Hydrogen is the simplest, cleanest and most abundant element in the universe. Fuel cells generate electricity through an electro-chemical process that combines hydrogen and oxygen to produce pure water as a by-product.
About fuel cells
Clean and abundant
Organisations who operate in off-grid environments are looking for alternatives to fossil fuel power. Wind, solar and gravity generated power are options but they are generally not suitable for off-grid, mobile or temporary power applications because of their fixed and intermittent nature. Battery storage has a role to play but needs regular charging. Hydrogen fuel cells are here. For the right application fuel cells, with or without fuel conversion, is becoming the affordable, flexible, clean choice.
As the hydrogen economy grows, hydrogen carrier fuels will play an increasing role. Hydrogen can be converted into and from hydrogen carrier fuels such as ammonia or methanol. Their high energy density means a lower cost of storage and transportation than pure hydrogen. These hydrogen carriers are increasingly available in green form known as e-fuels, ensuring the process to produce them is net zero.
Prices are falling
The price of green hydrogen is forecasted to half in the next 10 years, and nations are investing in the infrastructure for their hydrogen future.
Sources are greening
The hydrogen economy is here, there’s a growing industry producing green hydrogen powered by renewable energy.

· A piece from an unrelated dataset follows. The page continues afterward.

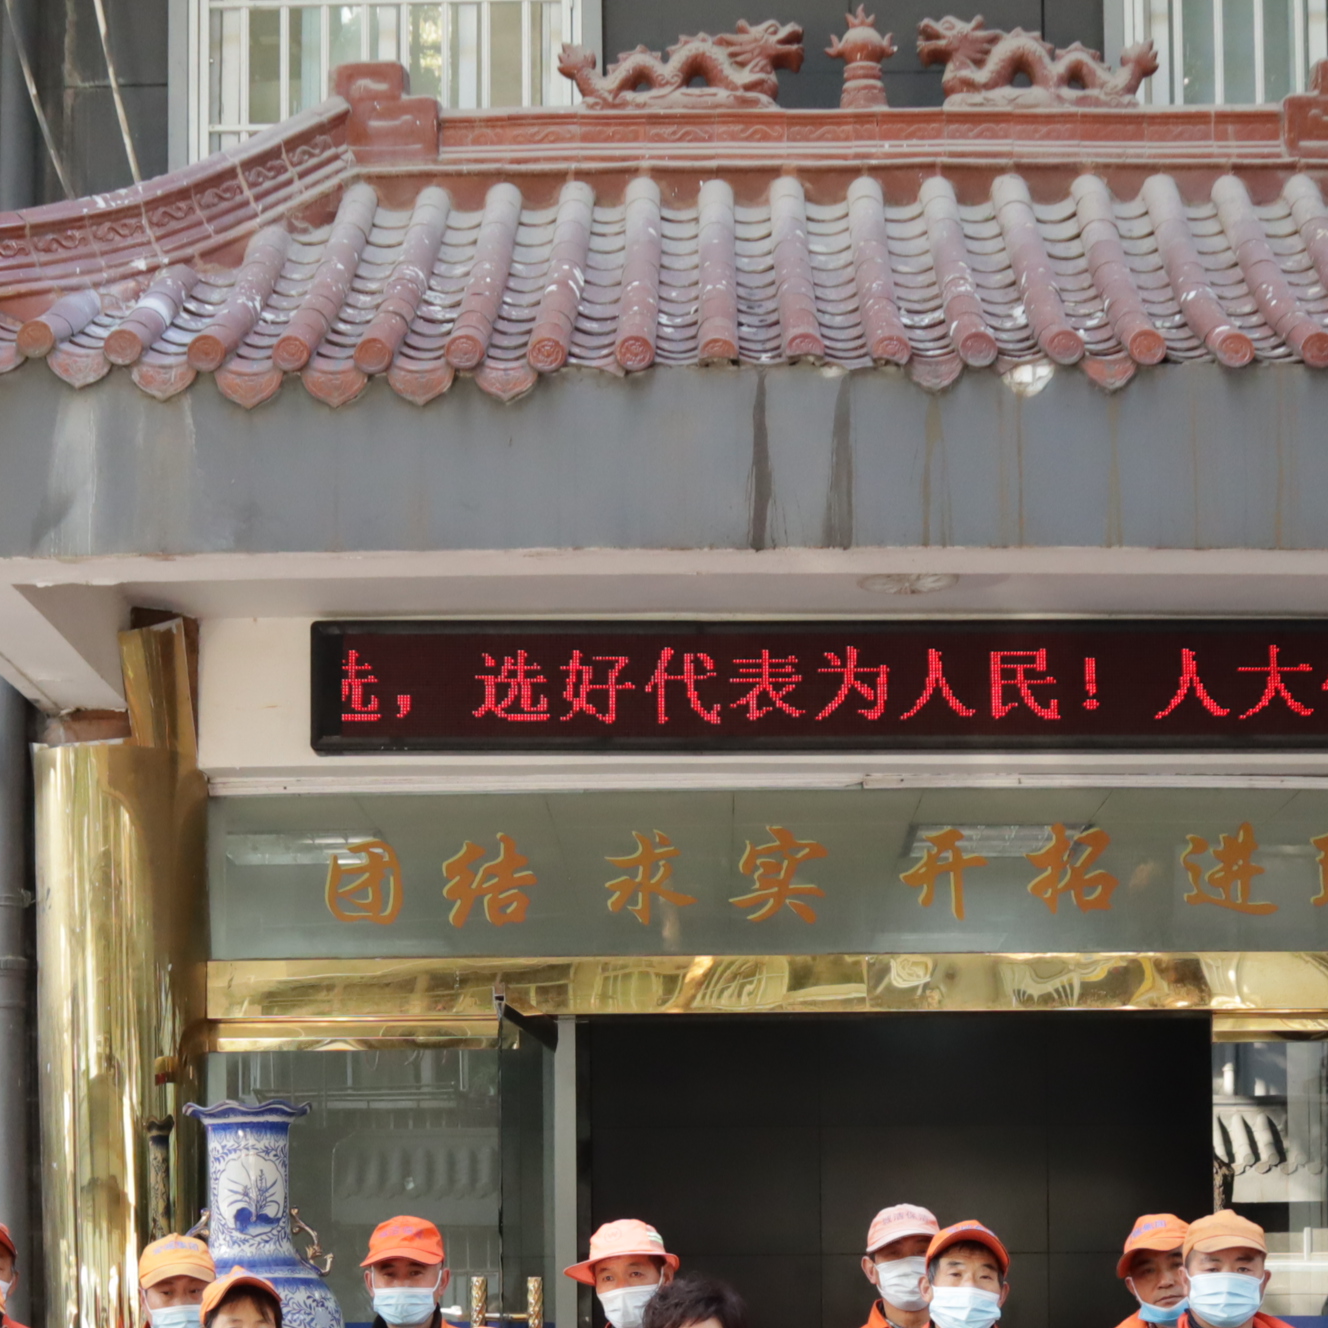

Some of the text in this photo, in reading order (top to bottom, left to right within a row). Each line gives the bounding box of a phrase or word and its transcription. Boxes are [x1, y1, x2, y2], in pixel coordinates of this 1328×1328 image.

Not all hydrogen is made that way yet though, they come in shades of green today, and a few other colours too. The market is in a transition phase, it’s responding to the sustainable customers’ choice.
It’s natural to want to understand the safety credentials of hydrogen compared to diesel. We’re used to the dangers of diesel, but less familiar with hydrogen.
There are differences: hydrogen is not poisonous, and it’s carbon free. Hydrogen is light, meaning if leaked it disperses rapidly and upwards. Diluted hydrogen is less likely to catch fire than diesel. If ignited hydrogen does not burn as hot as diesel. Hydrogen does need storing safely under high pressure or in a cold liquid form. When stored and managed properly it's no more dangerous than diesel.